Sur le terrain. Les forces fidèles au régime ont pilonné dans la nuit de mercredi à jeudi Misrata, après que le port de la ville rebelle a été sécurisé. Les forces pro-Kadhafi avaient été repoussée mardi à 40 km à l'est après des frappes de l'Otan et des combats au sol. La ville qui apparaît comme "clé" dans leur avancée vers Tripoli, reste encerclée par l'armée à l'est, au sud et à l'ouest, la seule voie de ravitaillement étant la mer.
La chaîne de télévision qatarie Al Djazira a également fait état d'accrochages jeudi entre partisans du Guide et insurgés dans la région de Tobrouk, dans l'Est proche de la frontière égyptienne.
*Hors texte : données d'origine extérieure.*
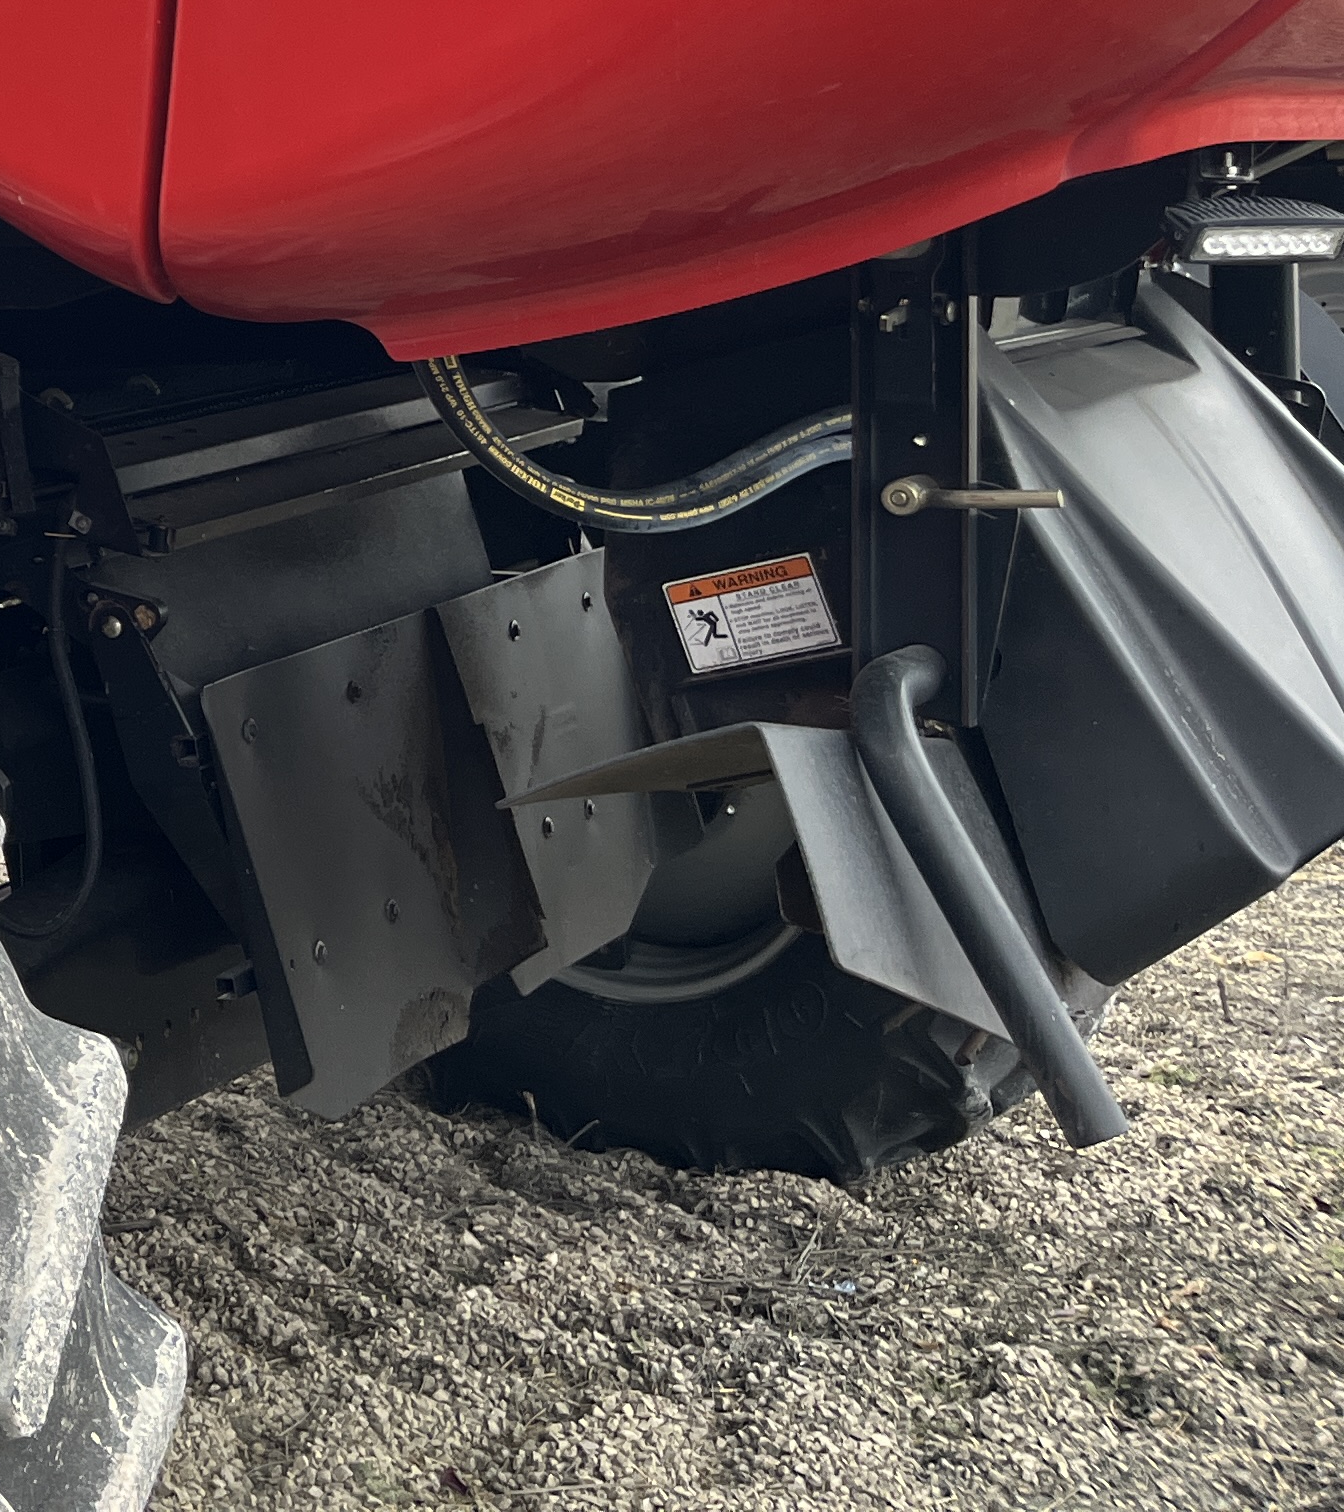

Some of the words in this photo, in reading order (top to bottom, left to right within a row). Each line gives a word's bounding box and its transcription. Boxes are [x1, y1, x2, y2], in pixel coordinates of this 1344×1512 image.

La localité de Zentane, qui est située dans l'Ouest et se trouve aux mains de la rébellion, a également été pilonnée par des tirs de lance-roquettes à tubes multiples.
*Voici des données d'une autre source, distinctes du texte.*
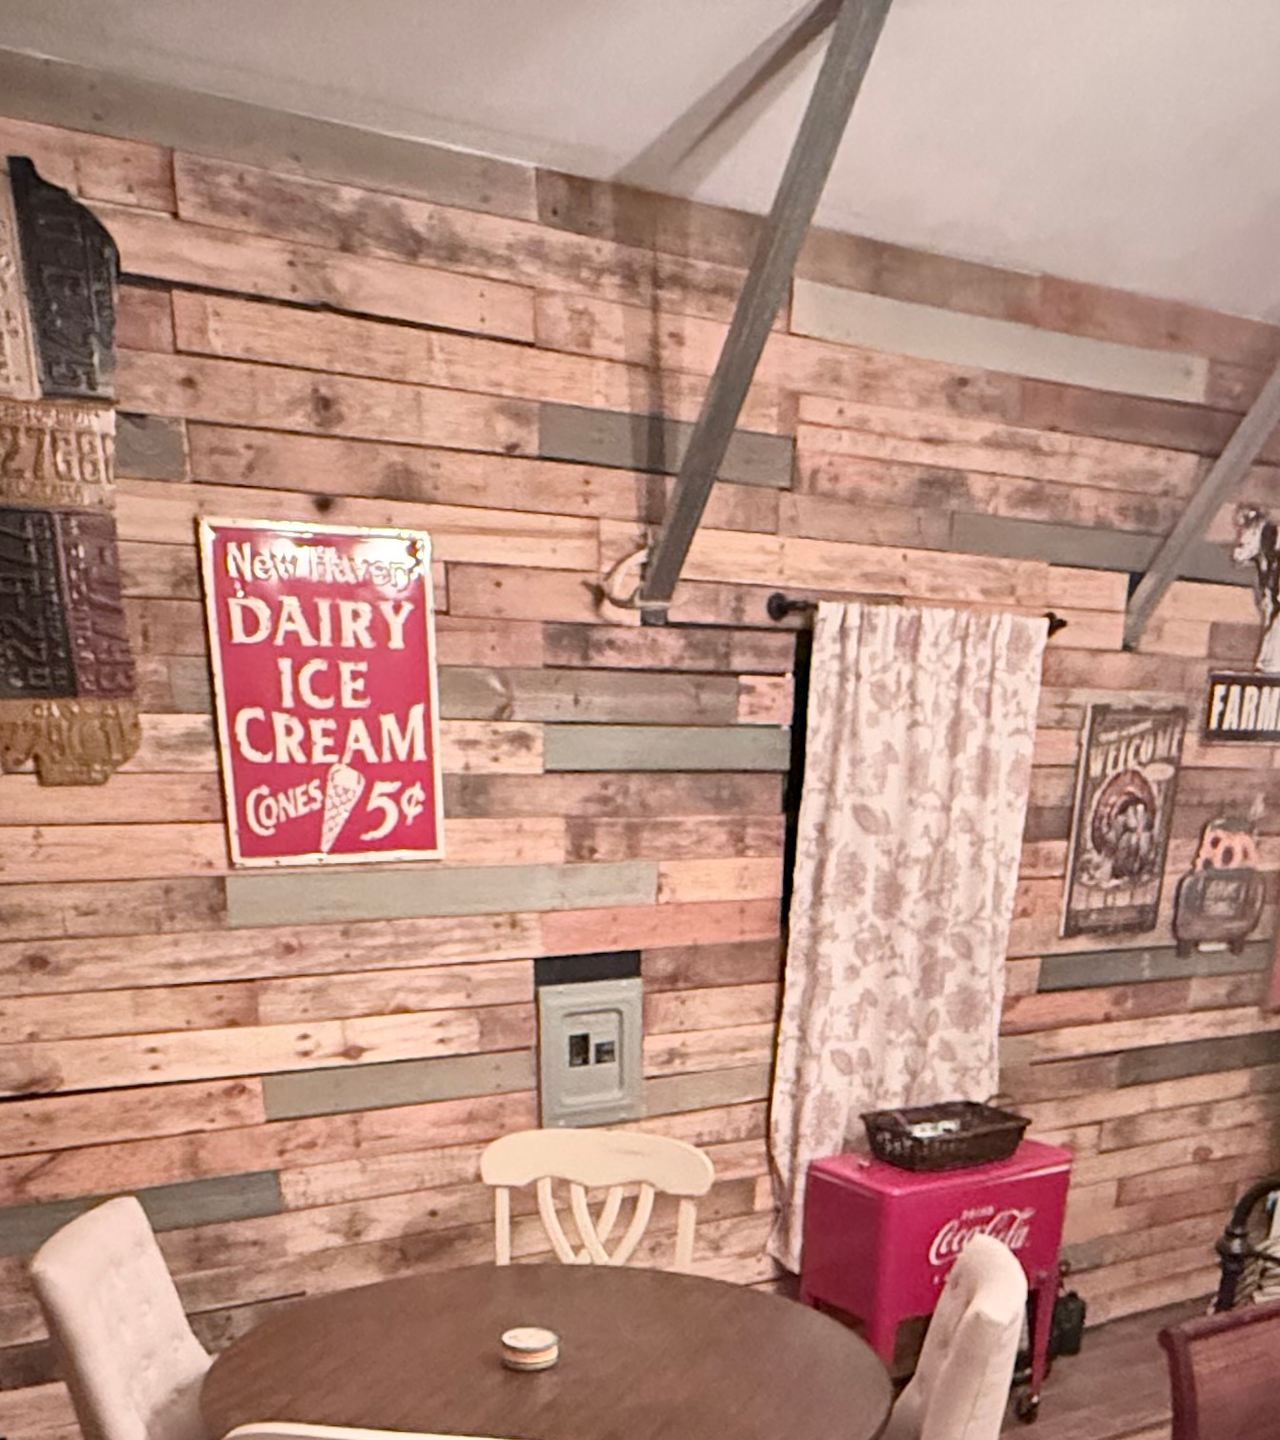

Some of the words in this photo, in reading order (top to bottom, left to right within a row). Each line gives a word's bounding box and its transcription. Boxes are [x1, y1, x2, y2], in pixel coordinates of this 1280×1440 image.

Les forces du dirigeant libyen ont également pilonné des positions rebelles dans l'ouest du pays, non loin du poste-frontière tunisien de Dehiba dont elles ont pris le contrôle, rapporte un caméraman de Reuters TV.
A Benghazi, "capitale" des insurgés, le porte-parole du Conseil national de transition (CNT, rebelle), Abdel Hafiz Ghoga, s'est ému de l'utilisation de missiles à moyenne portée Grad de fabrication russe tirés en salves le plus souvent de l'arrière de camions.
Une violente explosion a retenti à Tripoli après le survol de la capitale par des avions de l'Otan, selon une journaliste de l'AFP.
Les combats entre rebelles et pro-Kadhafi se cristallisent depuis plusieurs semaines autour de Misrata et de la région d'Al-Jabal Al-Gharbi, une zone montagneuse dans l'ouest du pays où la majorité de la population est d'origine berbère.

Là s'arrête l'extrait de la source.